O quarto discute-se assim. — Parece que os prêmios das bem-aventuranças estão inconvenientemente enumerados.
 
1. — Pois, o reino dos céus, que é a vida eterna, contém todos os bens. Logo, não era preciso estabelecer outros prêmios além deles.
 
2. Demais. — O reino dos céus é posto como prêmio pela primeira e pela oitava bem-aventuranças. Logo, por igual razão, devia sê-lo por todas.
 
3. Demais. — As bem-aventuranças procedem por ordem ascendente, como diz Agostinho1. Ora, os prêmios procedem por ordem descendente; assim, a posse da terra é menos que o reino dos céus. Logo, esses prêmios são enumerados inconvenientemente.
 
Mas, em contrário, é a autoridade do Senhor mesmo, que é quem propõe esses prêmios.
 
Solução. — Os prêmios em questão estão convenientíssimamente assinalados, considerada a condição das bem-aventuranças relativamente às três supra-assinaladas.
 
Pois, as três primeiras bem-aventuranças se fundam no afastamento do em que consiste a felicidade voluptuosa, que nós desejamos naturalmente mas, colocando-a não em Deus, onde deveríamos colocá-la, senão nos bens temporais, e caducos. E por isso os prêmios das três primeiras bem-aventuranças são relativos ao que muitos buscam na felicidade terrena. Demais disso, os homens também buscam a excelência e a abundância dos bens exteriores, i. é, das riquezas e das honras. Ora, tudo isso compreende o reino dos céus, onde o homem consegue a excelência e a abundância dos bens, em Deus.

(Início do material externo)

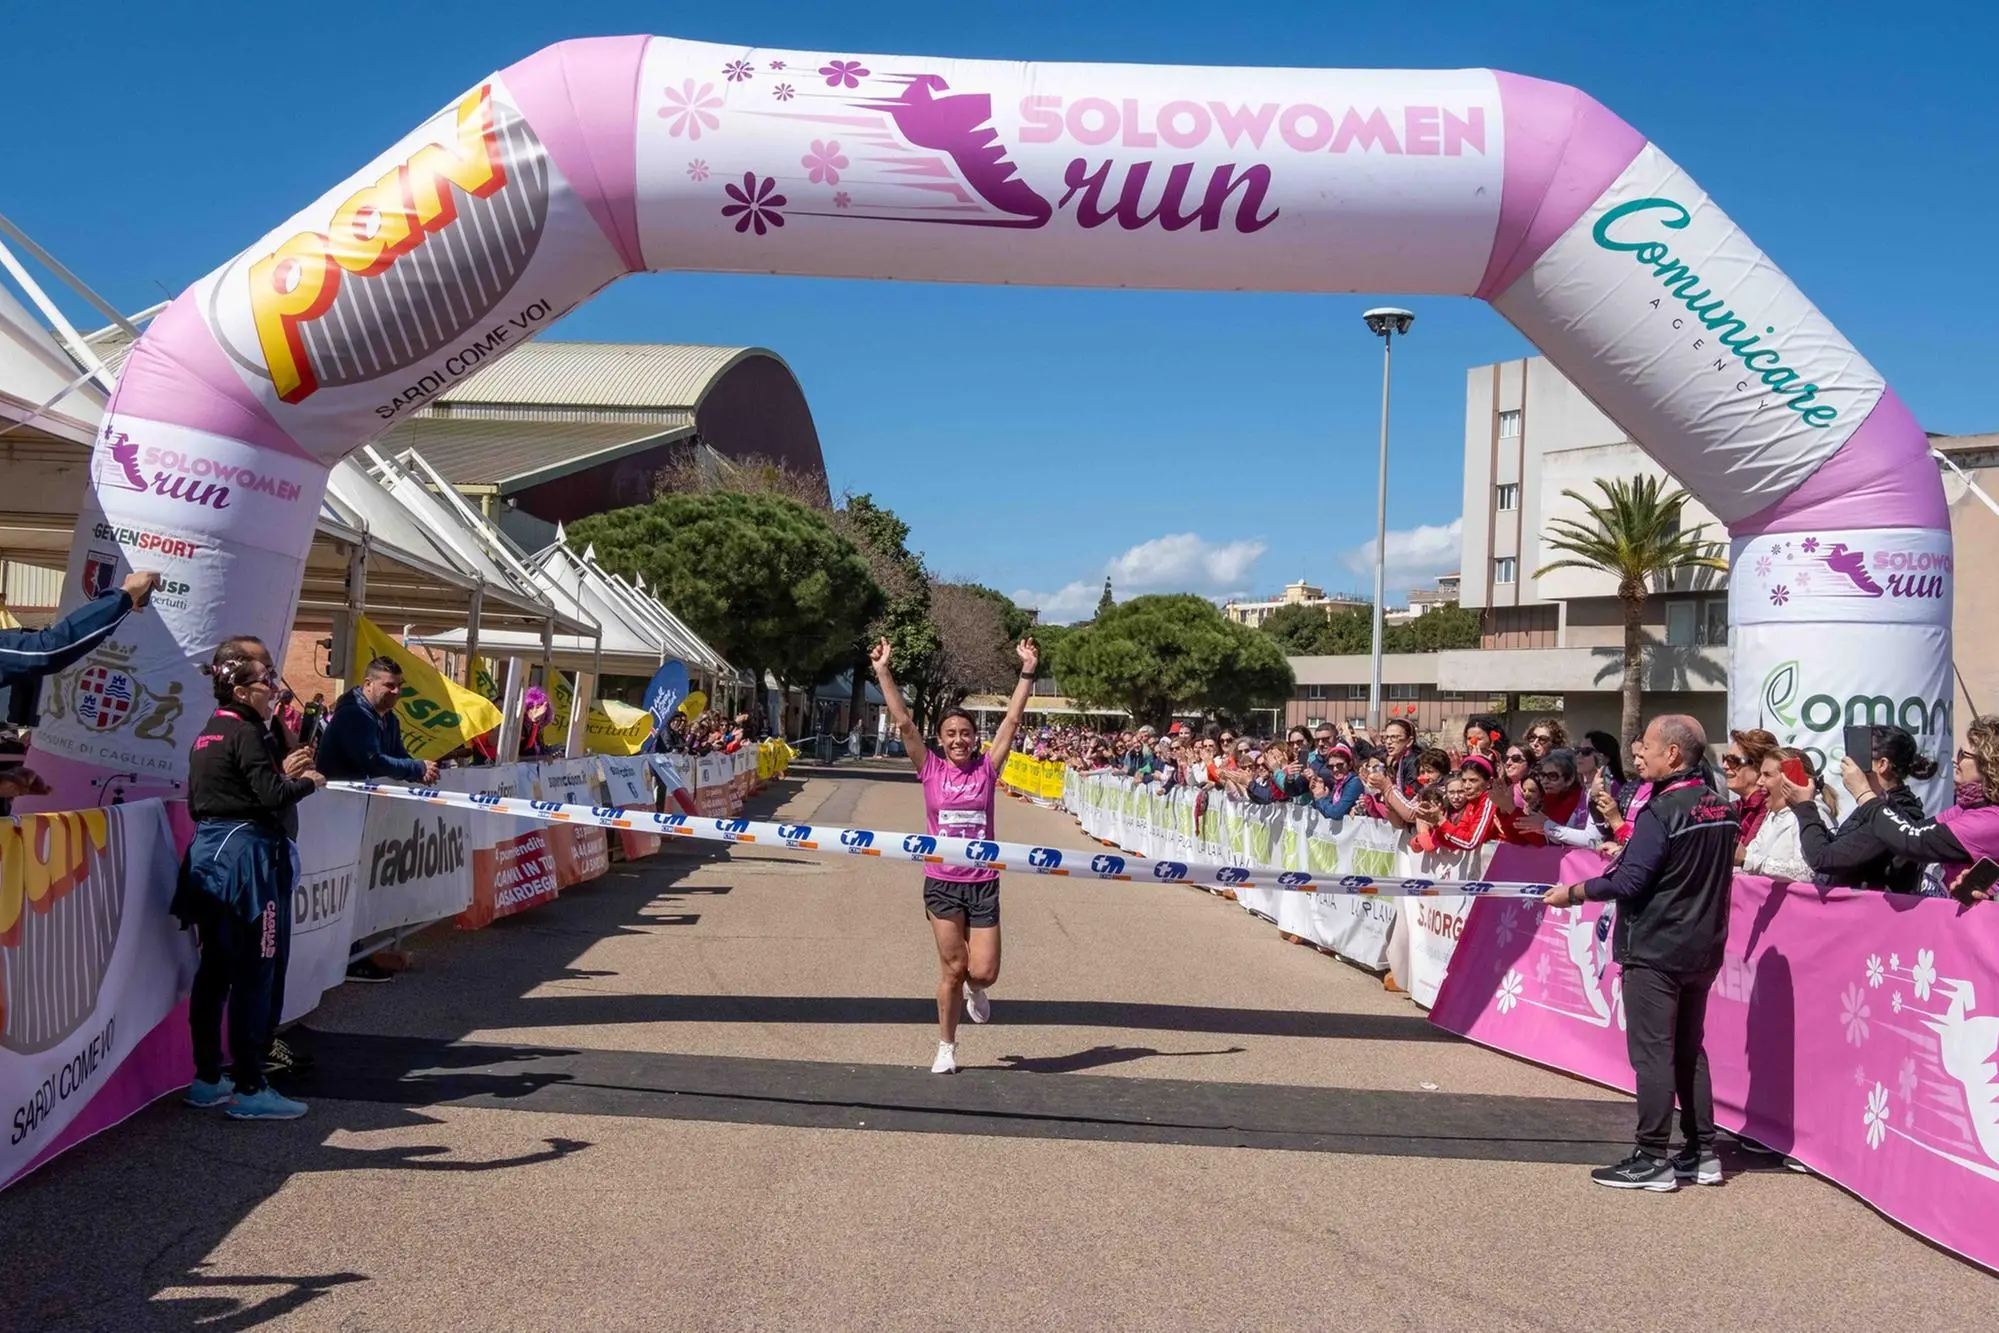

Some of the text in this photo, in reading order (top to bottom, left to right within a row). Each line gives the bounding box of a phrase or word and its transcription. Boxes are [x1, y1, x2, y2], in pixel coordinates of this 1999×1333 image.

[1019, 95, 1486, 157] SOLOWOMEN
[1058, 157, 1280, 233] run
[1592, 198, 1838, 428] Comunicare
[375, 298, 553, 420] SARDI COME VOI
[1649, 297, 1769, 411] AGENCY
[144, 446, 302, 502] SOLOWOMEN
[150, 471, 230, 509] run
[93, 522, 198, 559] GEVENSPORT
[1886, 573, 1944, 599] run
[80, 743, 93, 754] DI
[99, 748, 173, 771] CAGLIARI
[369, 815, 465, 891] radiolina
[11, 1073, 56, 1146] SARDI
[60, 1035, 101, 1100] COME

E por isso o reino dos céus o Senhor tornou a prometê-lo aos pobres de espírito. Alem disso, os homens duros e cruéis buscam a segurança própria destruindo os inimigos pelas lutas e guerras. Por isso, o Senhor prometeu ainda aos pacíficos a segura e quieta posse da terra dos vivos, por onde se exprime a solidez dos bens eternos. Por fim, os homens buscam, na concupiscência e nos prazeres do mundo, consolação aos trabalhos da vida presente. E por isso o Senhor prometeu ainda o consolo da vida aos que choram.
 
Em seguida, as duas outras bem-aventuranças concernem às obras da felicidade ativa, que são as das virtudes que nos põem em relação com o próximo, de cujas obras muitos se retraem pelo amor desordenado dos próprios bens. E por isso o Senhor atribui a essas bem-aventuranças aqueles prêmios (como bens) por causa dos quais os homens delas se afastam. Também, muitos abandonam a prática da justiça, não só não pagando o devido, mas até apoderando-se do alheio, para se enriquecerem de bens temporais. Por isso, o Senhor prometeu a saciedade aos que têm fome de justiça. Também muitos abandonam a prática das obras de misericórdia, para não se imiscuírem com as misérias alheias. Por isso, o Senhor prometeu misericórdia aos misericordiosos, que os livrará de toda miséria.
 
Por fim, as duas últimas bem-aventuranças concernem à felicidade ou beatitude contemplativa. E por isso os prêmios se conferem conforme a conveniência das disposições incluídas no mérito. Assim, a pureza dos olhos dispõe à visão clara por onde, aos puros de coração é prometida a visão de Deus. Por outro lado, constituir a paz, em si mesmo ou entre os outros, manifesta que o homem é imitador do Deus da união e da paz. E por isso, como prêmio, lhe é dada a glória da filiação divina, consistente na perfeita união com Deus, pela sabedoria consumada.
 
Donde a resposta à primeira objeção. — Como Crisóstomo diz, todos os prêmios em questão constituem um só na realidade a felicidade eterna, que a inteligência humana não pode compreender2. E por isso era necessário, pelos diversos bens que conhecemos, se dissesse a quem se faria a distribuição dos prêmios; observada a relação com os méritos.
 
Resposta à segunda. — Assim como a oitava bem-aventurança é quase o fundamento de todas, assim, devidos lhe são os prêmios de todas. Por onde, ocupa o primeiro lugar e se deve entender, por conseqüência, que todos os prêmios lhe são atribuídos. Ou, segundo Ambrósio, o reino dos céus é prometido aos pobres de espírito, quanto à glória da alma; e aos que sofreram perseguição no corpo, quanto à glória deste3.
 
Resposta à terceira. — Também os prêmios diferem entre si por mais ou menos ricos. Assim, possuir a terra do reino dos céus é mais do que simplesmente tê-la; pois temos muitas coisas que não possuímos firme e pacificamente. Consolar-se no reino é mais do que tê-lo e possuí-lo, pois muitas coisas nós as possuímos com dor. Ser saciado é mais que simplesmente consolar-se; pois a sociedade implica a abundância da consolação. Mas a misericórdia ainda excede à sociedade, porque recebemos, por ela, mais do que merecemos ou podemos desejar. E, mais ainda é ver a Deus, assim como maior é quem, na corte, além de sentar-se à mesa do rei, vê-lhe a face. Por isso, na casa real, a maior dignidade é a do filho do rei.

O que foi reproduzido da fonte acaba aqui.